Lecky saw individuals as having two tasks: (a) maintaining what he called "inner harmony" within their minds, that is, an internally consistent set of ideas and interpretations, and (b) maintaining harmony between their minds and the environment, that is, between their experience of the outside world and their interpretations of this experience. In his choice of a system principle that focused on consistency, Lecky foreshadowed Kelly’s PCT.

For Lecky, learning was a process of assimilating new experiences. As the person assimilates these experiences and maintains his organization in a greater variety of situations, he maintains his independence and sense of freedom. Psychological development is a process of assimilating new information so as to maintain a self-consistent organization of values and attitudes. Whereas learning serves to resolve conflict, conflict must always precede learning. Conflict may profitably be viewed as a clash between two modes or ways of organizing. This anticipates Kelly’s notion that healthy individuals are always trying to extend their construction system.
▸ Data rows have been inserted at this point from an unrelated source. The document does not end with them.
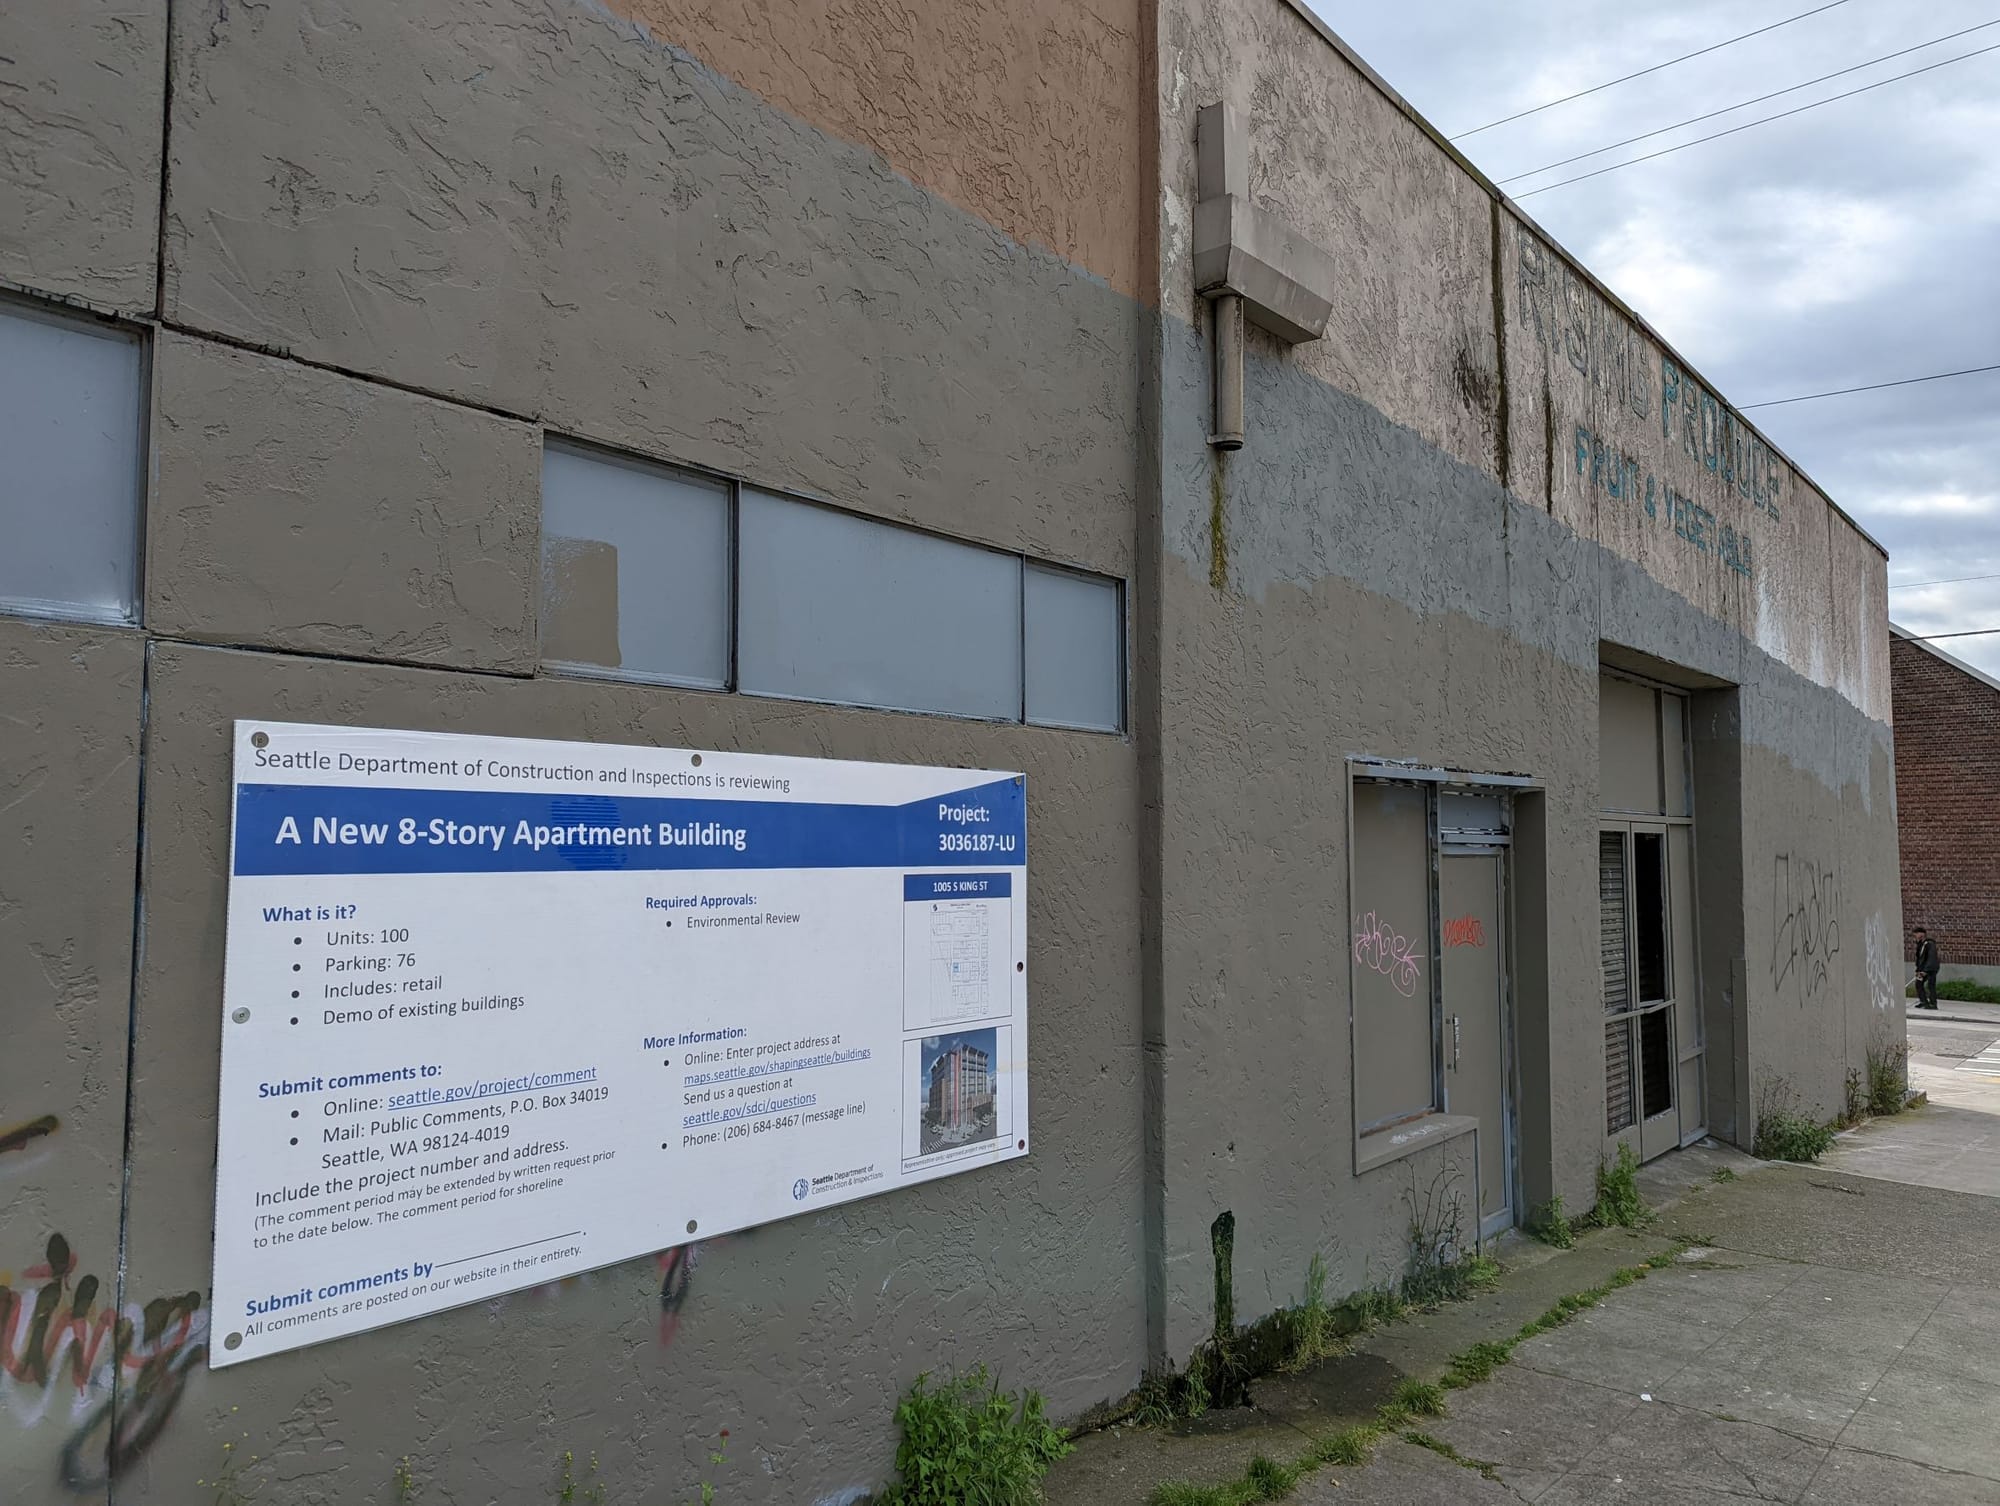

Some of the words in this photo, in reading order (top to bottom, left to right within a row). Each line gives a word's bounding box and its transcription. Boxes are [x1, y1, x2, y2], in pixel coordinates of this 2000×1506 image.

[1662, 356, 1779, 522] PRODUCE
[1576, 426, 1639, 501] FRUIT
[255, 749, 331, 769] Seattle
[338, 752, 458, 777] Department
[464, 759, 483, 777] of
[487, 761, 593, 782] Construction
[599, 766, 627, 783] and
[632, 770, 710, 788] Inspections
[715, 775, 725, 788] is
[729, 776, 790, 792] reviewing
[939, 804, 990, 824] Project:
[275, 817, 301, 844] A
[313, 817, 388, 844] New
[398, 819, 506, 850] 8-Story
[513, 821, 652, 850] Apartment
[659, 823, 747, 851] Building
[939, 835, 1015, 851] 3036187-LU
[646, 897, 697, 910] Required
[700, 894, 757, 909] Approvals:
[933, 882, 951, 892] 1005
[953, 882, 958, 892] S
[960, 882, 978, 892] KING
[979, 881, 988, 891] ST
[263, 906, 311, 922] What
[317, 907, 330, 920] is
[335, 904, 356, 920] it?
[687, 914, 762, 928] Environmental
[766, 913, 800, 924] Review
[327, 930, 375, 946] Units:
[380, 928, 409, 943] 100
[326, 956, 391, 973] Parking:
[397, 954, 416, 967] 76
[324, 981, 397, 998] Includes:
[402, 976, 442, 992] retail
[323, 1008, 373, 1025] Demo
[378, 1005, 394, 1019] of
[399, 1000, 457, 1018] existing
[462, 995, 524, 1012] buildings
[643, 1037, 675, 1049] More
[679, 1027, 747, 1045] Information:
[685, 1052, 723, 1066] Online:
[726, 1047, 753, 1060] Enter
[757, 1042, 791, 1058] project
[794, 1035, 829, 1050] address
[832, 1035, 840, 1044] at
[258, 1078, 323, 1098] Submit
[328, 1066, 416, 1090] comments
[420, 1063, 442, 1077] to:
[684, 1047, 871, 1085] maps.seattle.gov/shapingseattle/buildings
[324, 1097, 384, 1117] Online:
[388, 1066, 597, 1109] seattle.gov/project/comment
[684, 1090, 710, 1105] Send
[714, 1088, 725, 1100] us
[728, 1088, 734, 1098] a
[737, 1079, 780, 1096] question
[783, 1078, 793, 1088] at
[323, 1124, 366, 1143] Mail:
[371, 1117, 418, 1136] Public
[422, 1105, 505, 1128] Comments,
[510, 1099, 538, 1114] P.O.
[542, 1094, 566, 1109] Box
[570, 1087, 609, 1104] 34019
[683, 1092, 816, 1126] seattle.gov/sdci/questions
[683, 1130, 720, 1147] Phone:
[723, 1122, 750, 1142] (206)
[753, 1114, 799, 1134] 684-8467
[802, 1109, 844, 1127] (message
[846, 1101, 865, 1116] line)
[322, 1149, 384, 1169] Seattle,
[390, 1141, 418, 1156] WA
[423, 1125, 510, 1152] 98124-4019
[256, 1184, 320, 1207] Include
[325, 1177, 353, 1195] the
[358, 1166, 415, 1190] project
[420, 1154, 478, 1176] number
[483, 1149, 509, 1165] and
[513, 1138, 569, 1161] address.
[811, 1180, 847, 1195] Construction
[853, 1171, 884, 1186] Inspections
[812, 1175, 833, 1186] Seattle
[834, 1166, 866, 1181] Department
[868, 1165, 873, 1173] of
[255, 1214, 284, 1231] (The
[288, 1200, 351, 1222] comment
[354, 1191, 394, 1213] period
[397, 1187, 424, 1204] may
[426, 1183, 440, 1196] be
[443, 1172, 495, 1193] extended
[498, 1169, 511, 1183] by
[514, 1162, 550, 1179] written
[554, 1154, 590, 1174] request
[592, 1149, 616, 1166] prior
[254, 1236, 268, 1248] to
[272, 1230, 294, 1245] the
[298, 1223, 327, 1240] date
[331, 1215, 372, 1234] below.
[377, 1209, 399, 1224] The
[402, 1197, 458, 1219] comment
[461, 1188, 496, 1208] period
[499, 1184, 513, 1198] for
[516, 1176, 563, 1195] shoreline
[245, 1320, 263, 1338] All
[267, 1305, 338, 1332] comments
[342, 1299, 362, 1313] are
[366, 1288, 408, 1310] posted
[412, 1284, 427, 1297] on
[430, 1278, 450, 1291] our
[453, 1266, 497, 1287] website
[500, 1262, 510, 1273] in
[513, 1255, 538, 1272] their
[540, 1245, 582, 1265] entirety.
[246, 1288, 312, 1316] Submit
[318, 1268, 408, 1300] comments
[413, 1261, 433, 1281] by
We need to feel that we live in a stable and intelligible environment. We need to be able to foresee and predict environmental events and, by anticipating them, prevent sudden adjustments. Anxiety is caused by breakdowns in our predictive system. To do this we may have to avoid certain situations or make overly simplistic judgments, but the goal is self-consistency. For some individuals, preservation of their predictive system without change becomes a goal in itself, and they seek experiences that confirm their predictions and avoid situations that disconfirm their predictions. This definition of anxiety is identical to that of Kelly, and the strategy described by Lecky is what Kelly called hostility.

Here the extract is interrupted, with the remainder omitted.